What to work on
From the line containing "this 1126×1333 image." to the end of the records below, output each line exactly; include both ends and nothing else.

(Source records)

*** Block opens ***

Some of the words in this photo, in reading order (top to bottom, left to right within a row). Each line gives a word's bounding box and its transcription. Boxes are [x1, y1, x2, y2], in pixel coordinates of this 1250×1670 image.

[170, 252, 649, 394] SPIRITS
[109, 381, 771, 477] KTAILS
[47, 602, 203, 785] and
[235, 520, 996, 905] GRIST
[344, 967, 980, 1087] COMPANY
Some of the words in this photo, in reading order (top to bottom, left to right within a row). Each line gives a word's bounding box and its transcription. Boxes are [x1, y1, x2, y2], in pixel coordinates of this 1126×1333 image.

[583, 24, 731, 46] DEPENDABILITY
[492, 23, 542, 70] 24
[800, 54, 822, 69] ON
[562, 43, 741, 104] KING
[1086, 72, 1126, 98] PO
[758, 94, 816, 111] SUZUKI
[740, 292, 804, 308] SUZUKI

*** Block closes ***

Task solution
Some of the words in this photo, in reading order (top to bottom, left to right within a row). Each line gives a word's bounding box and its transcription. Boxes are [x1, y1, x2, y2], in pixel coordinates of this 1126×1333 image.

[583, 24, 731, 46] DEPENDABILITY
[492, 23, 542, 70] 24
[800, 54, 822, 69] ON
[562, 43, 741, 104] KING
[1086, 72, 1126, 98] PO
[758, 94, 816, 111] SUZUKI
[740, 292, 804, 308] SUZUKI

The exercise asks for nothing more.